— Work instruction —
The records below are to be returned word for word, with pictures left out.

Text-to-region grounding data
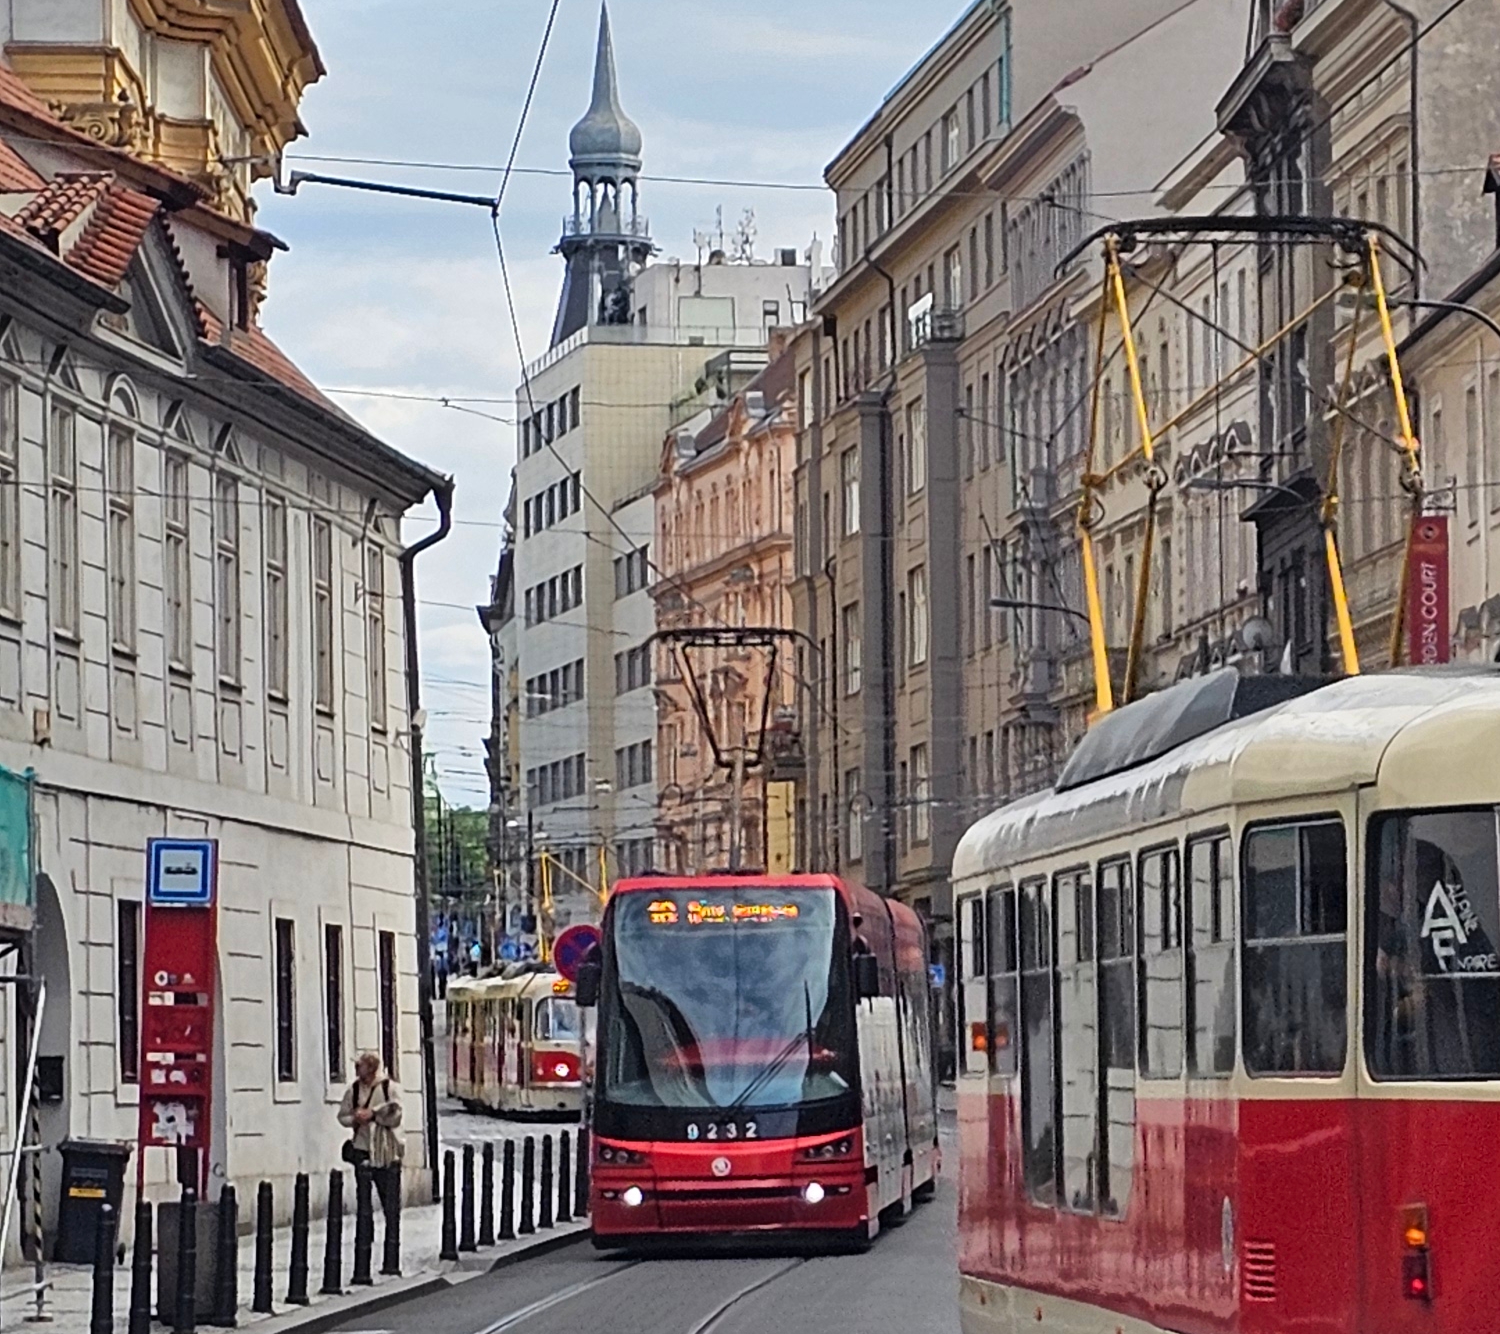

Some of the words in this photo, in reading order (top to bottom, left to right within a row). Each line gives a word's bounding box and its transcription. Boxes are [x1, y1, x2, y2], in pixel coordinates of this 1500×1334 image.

[1421, 562, 1437, 619] COURT
[1446, 883, 1478, 936] ALPINE
[687, 1122, 757, 1140] 9232
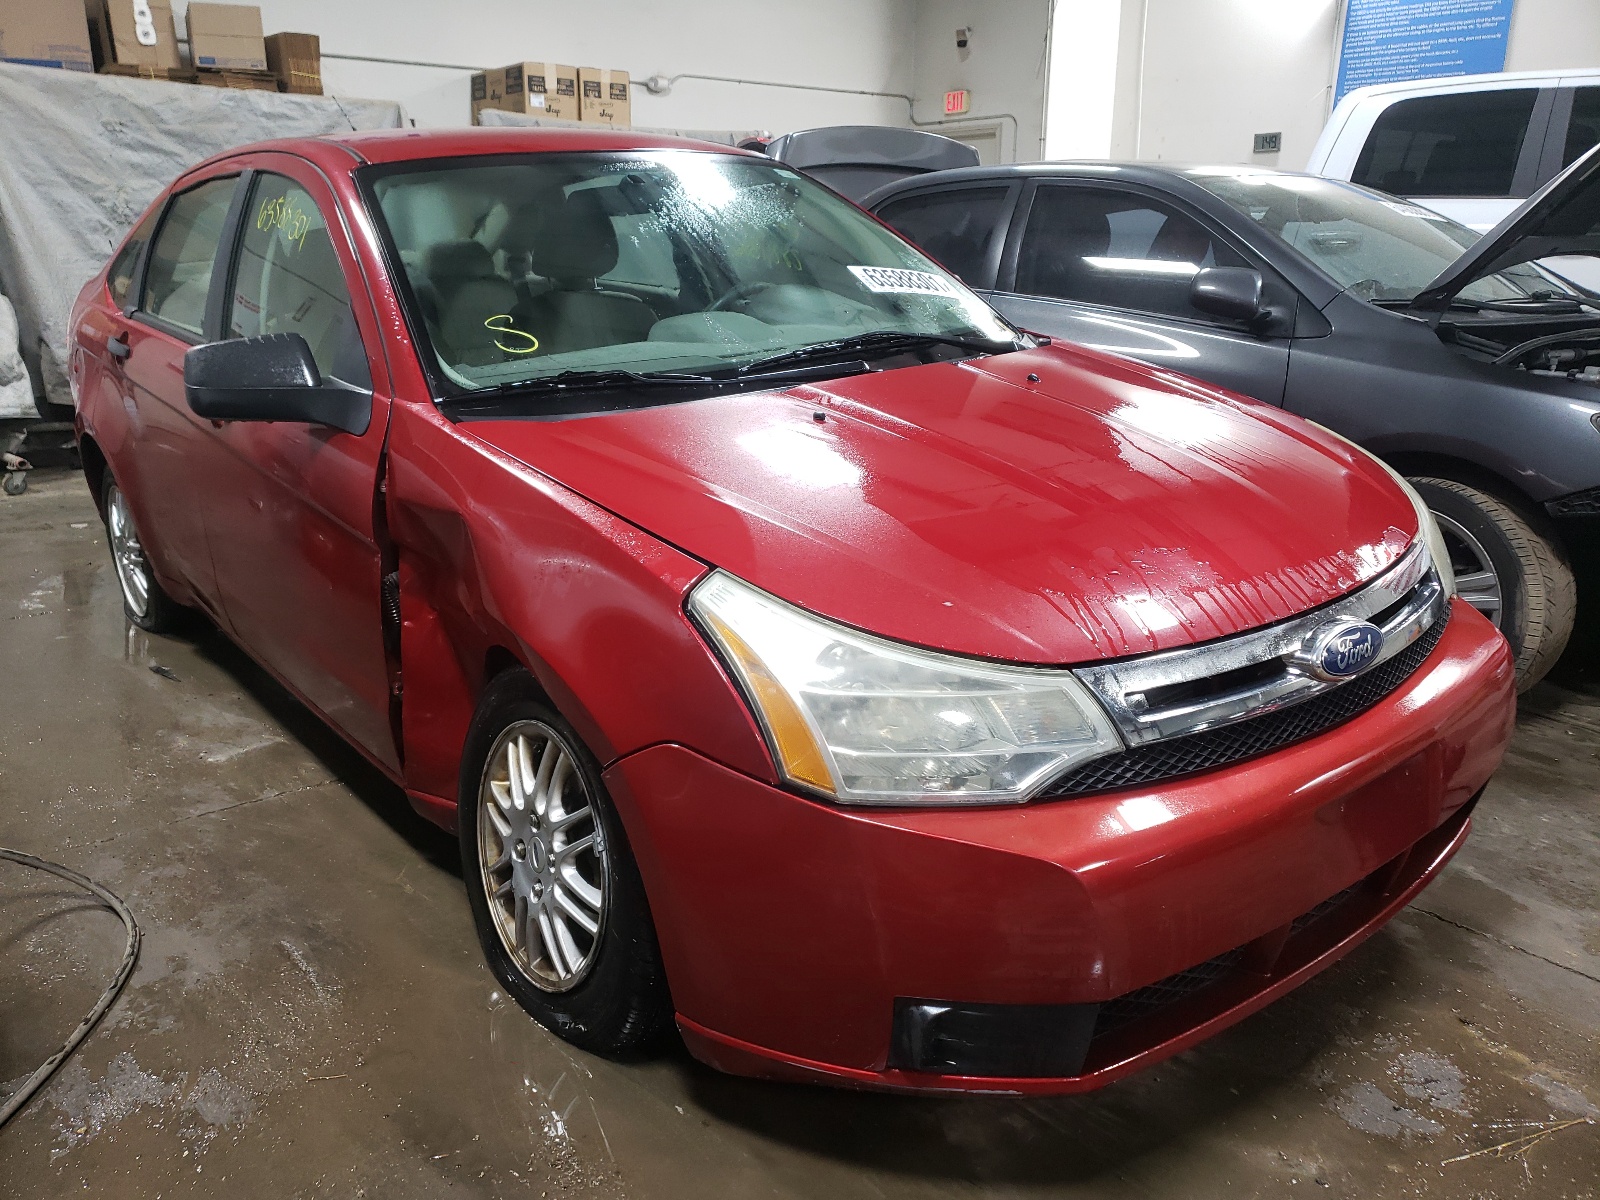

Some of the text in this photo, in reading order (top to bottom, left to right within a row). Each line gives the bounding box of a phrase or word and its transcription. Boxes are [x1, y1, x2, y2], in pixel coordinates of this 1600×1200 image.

[947, 92, 964, 112] EXIT
[1261, 135, 1277, 149] 149
[862, 268, 947, 293] 63588301
[1337, 631, 1374, 670] Ford
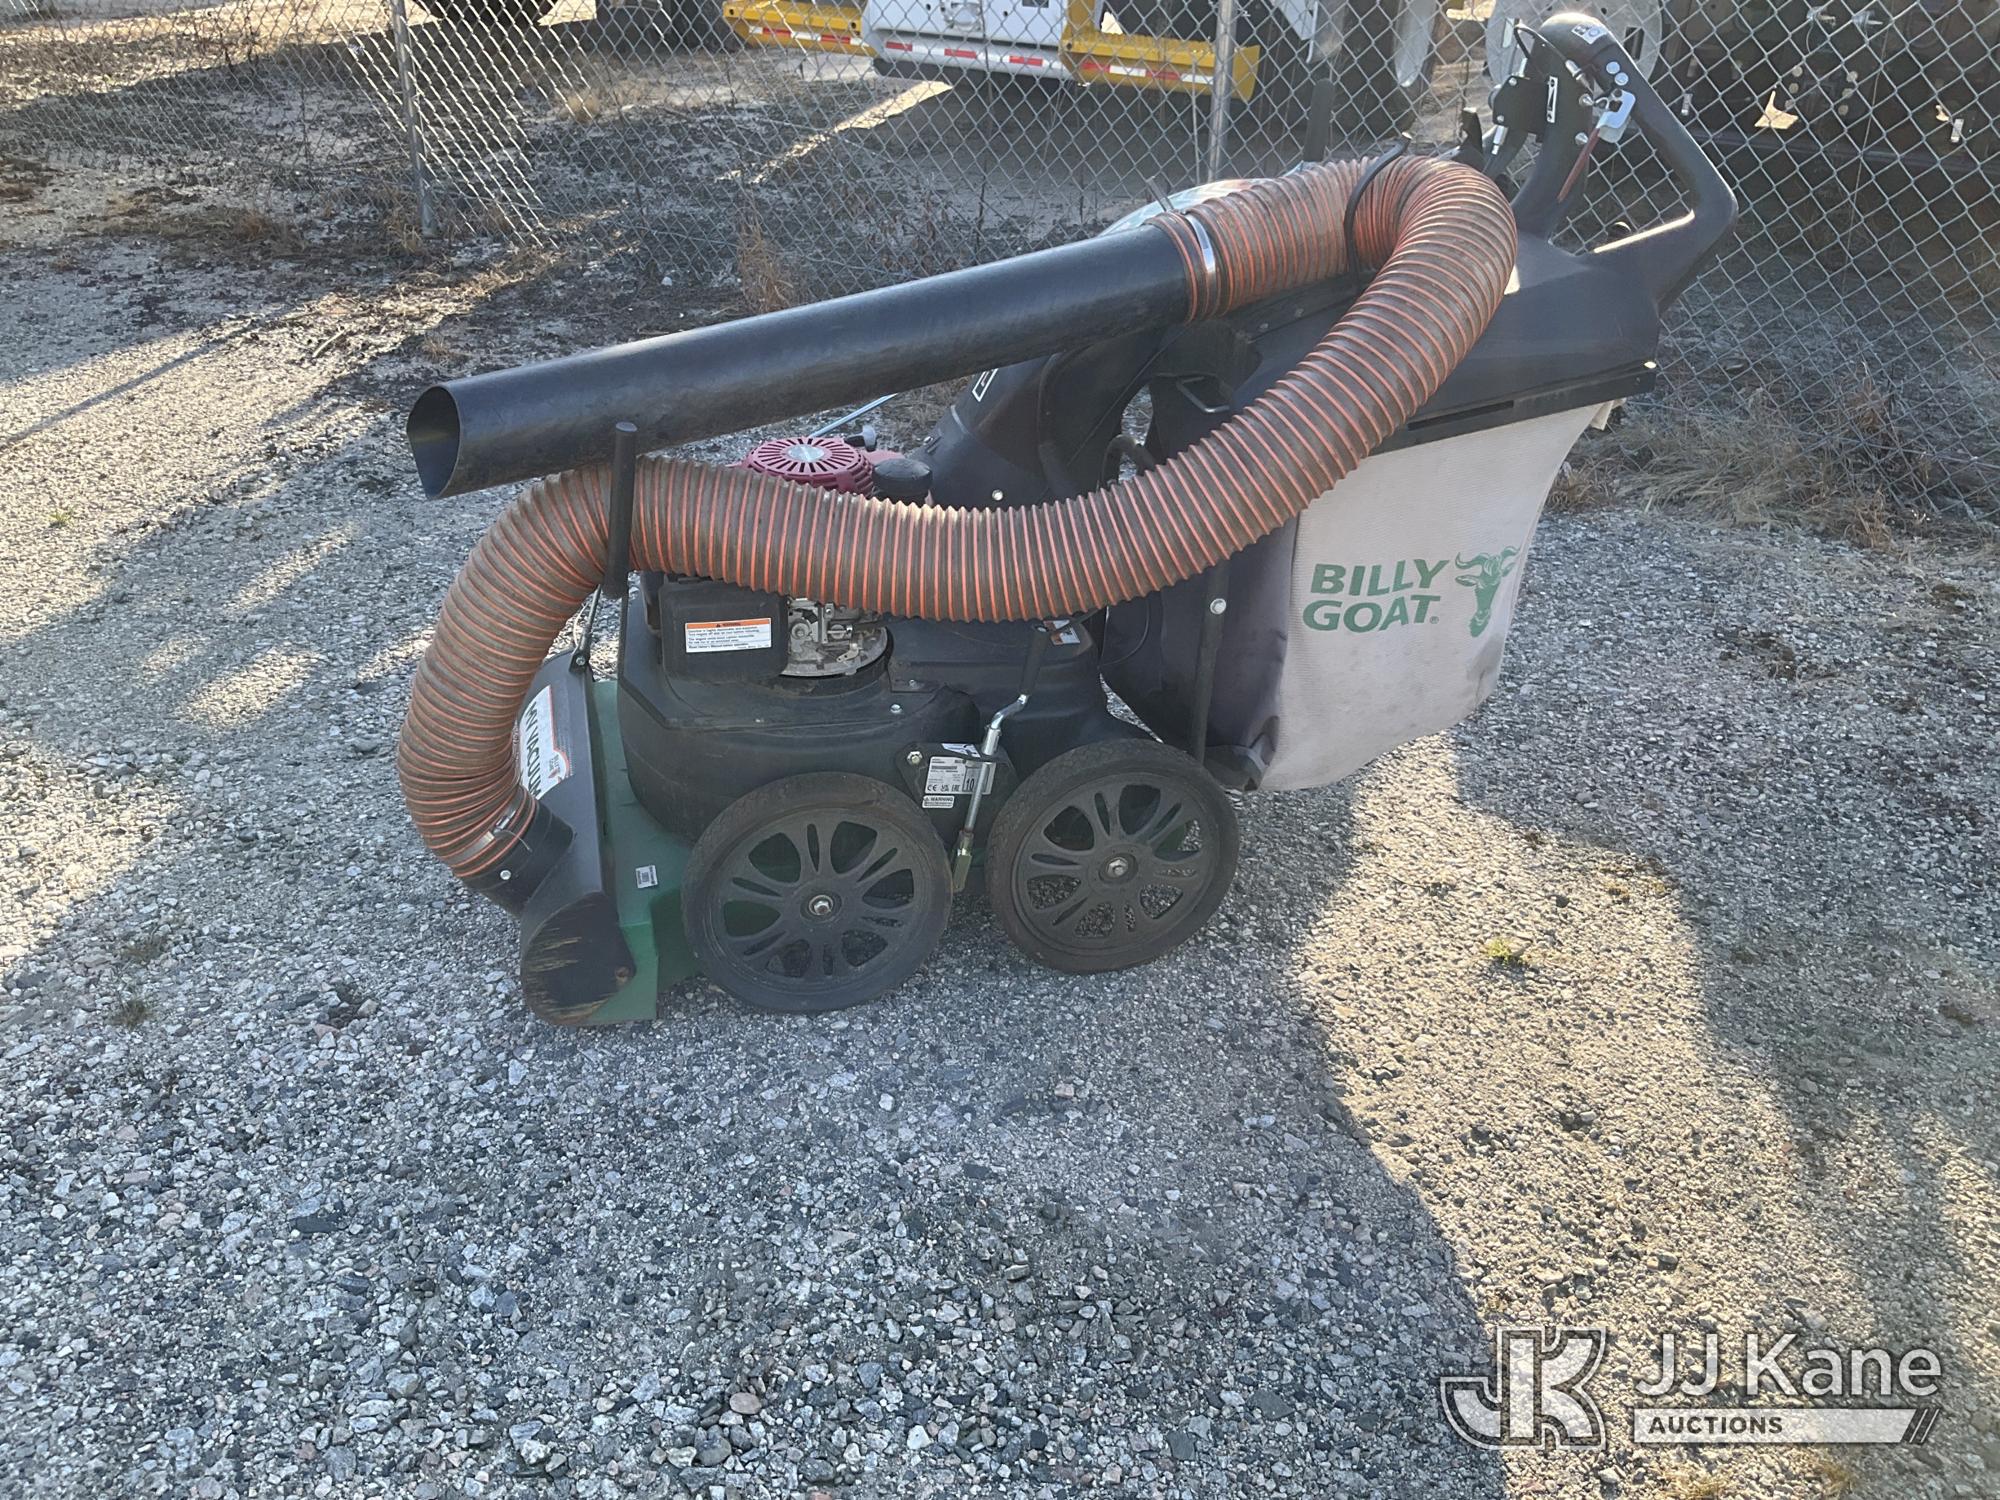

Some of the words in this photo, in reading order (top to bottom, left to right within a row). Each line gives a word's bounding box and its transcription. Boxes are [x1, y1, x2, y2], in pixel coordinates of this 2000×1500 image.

[1310, 558, 1450, 596] BILLY
[1302, 595, 1442, 633] GOAT
[526, 726, 542, 797] VACUUM

— Result for this exercise —
Some of the words in this photo, in reading order (top to bottom, left to right within a row). Each line gives a word's bounding box and its transcription. Boxes are [x1, y1, x2, y2], in pixel coordinates of this 1500×1334 image.

[1421, 562, 1437, 619] COURT
[1446, 883, 1478, 936] ALPINE
[687, 1122, 757, 1140] 9232

Some of the text in this photo, in reading order (top to bottom, left to right within a row). Each line gives the bounding box of a phrase or word and its transcription. Boxes are [x1, y1, x2, y2], in pixel coordinates of this 1600×1200 image.

[947, 92, 964, 112] EXIT
[1261, 135, 1277, 149] 149
[862, 268, 947, 293] 63588301
[1337, 631, 1374, 670] Ford

Some of the words in this photo, in reading order (top to bottom, left to right within a row). Each line gives a word's bounding box and its transcription. Boxes are [x1, y1, x2, y2], in pixel coordinates of this 2000×1500 image.

[1310, 558, 1450, 596] BILLY
[1302, 595, 1442, 633] GOAT
[526, 726, 542, 797] VACUUM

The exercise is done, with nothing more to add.